» **TASK ITEM**
Write the records out again exactly, leaving no images in.

Records drawn from a dataset
[Start of Attachment]

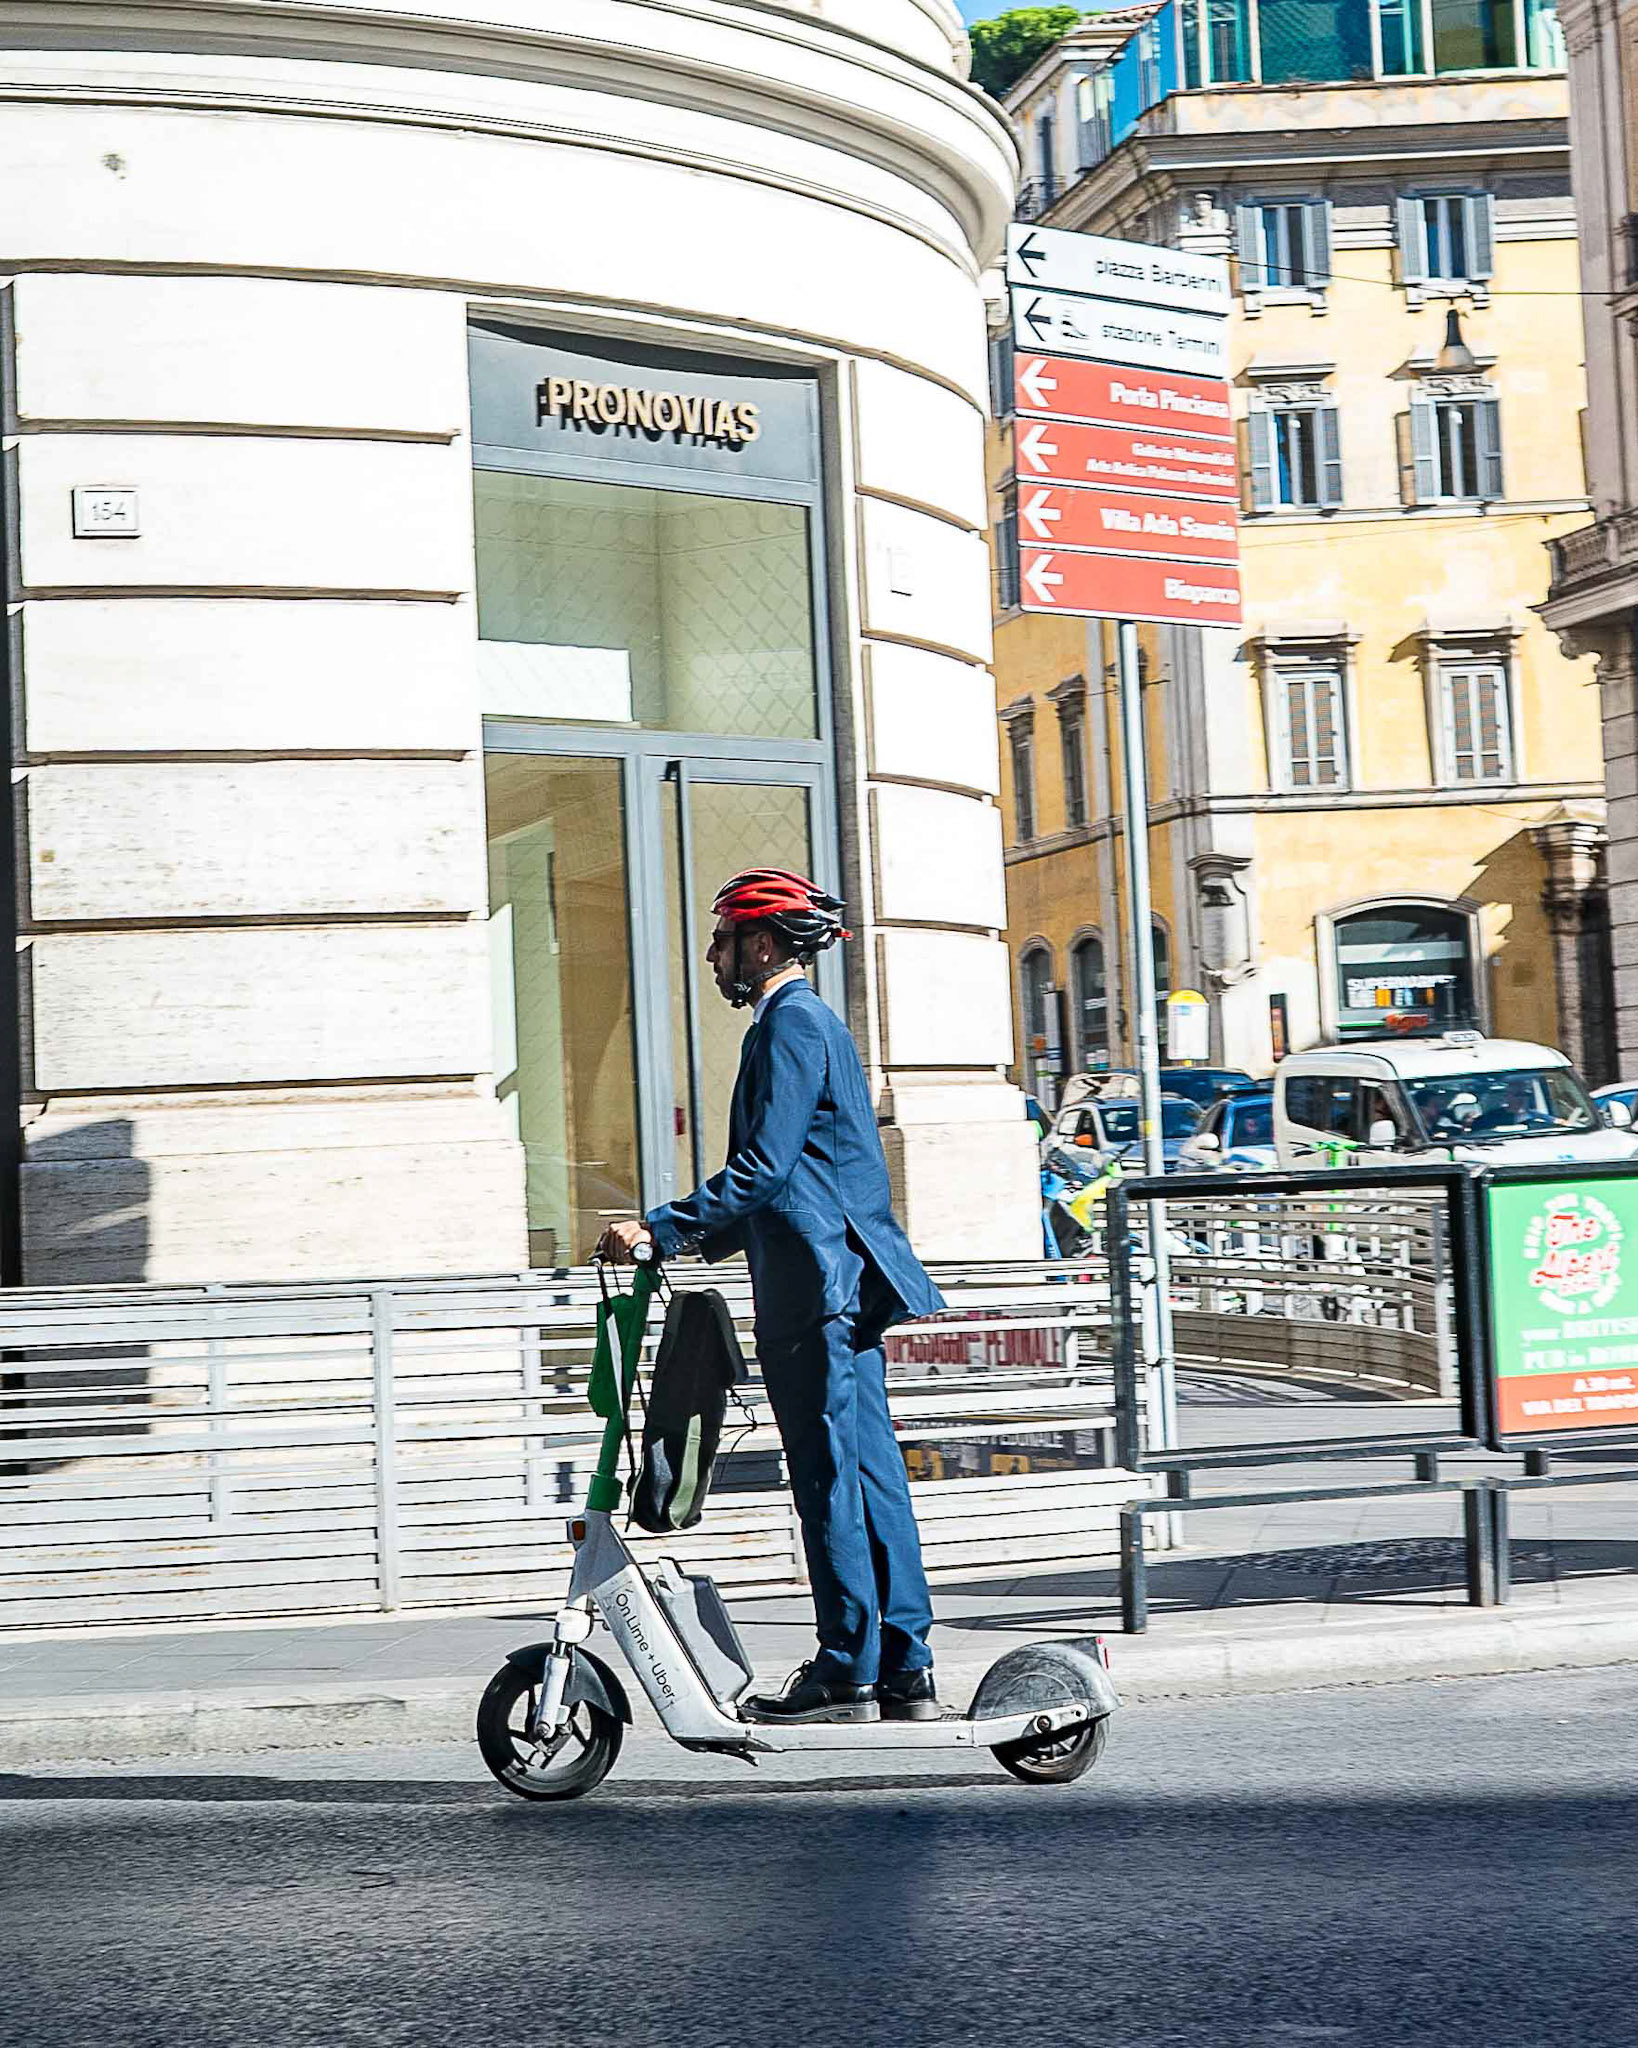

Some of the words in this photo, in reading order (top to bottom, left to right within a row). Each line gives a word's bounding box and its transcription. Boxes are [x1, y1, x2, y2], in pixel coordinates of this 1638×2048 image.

[1096, 258, 1145, 280] piazza
[1152, 264, 1222, 293] Barberini
[1102, 323, 1162, 346] stazione
[546, 376, 760, 443] PRONOVIAS
[1110, 382, 1158, 408] Porta
[1100, 508, 1142, 532] Villa
[1143, 512, 1179, 536] Ada
[615, 1592, 631, 1617] On
[626, 1615, 650, 1652] Lime
[651, 1662, 677, 1700] Uber

[End of Attachment]

» **RESPONSE TO THIS EXERCISE**
Some of the words in this photo, in reading order (top to bottom, left to right within a row). Each line gives a word's bounding box and its transcription. Boxes are [x1, y1, x2, y2], in pixel coordinates of this 1638×2048 image.

[1096, 258, 1145, 280] piazza
[1152, 264, 1222, 293] Barberini
[1102, 323, 1162, 346] stazione
[546, 376, 760, 443] PRONOVIAS
[1110, 382, 1158, 408] Porta
[1100, 508, 1142, 532] Villa
[1143, 512, 1179, 536] Ada
[615, 1592, 631, 1617] On
[626, 1615, 650, 1652] Lime
[651, 1662, 677, 1700] Uber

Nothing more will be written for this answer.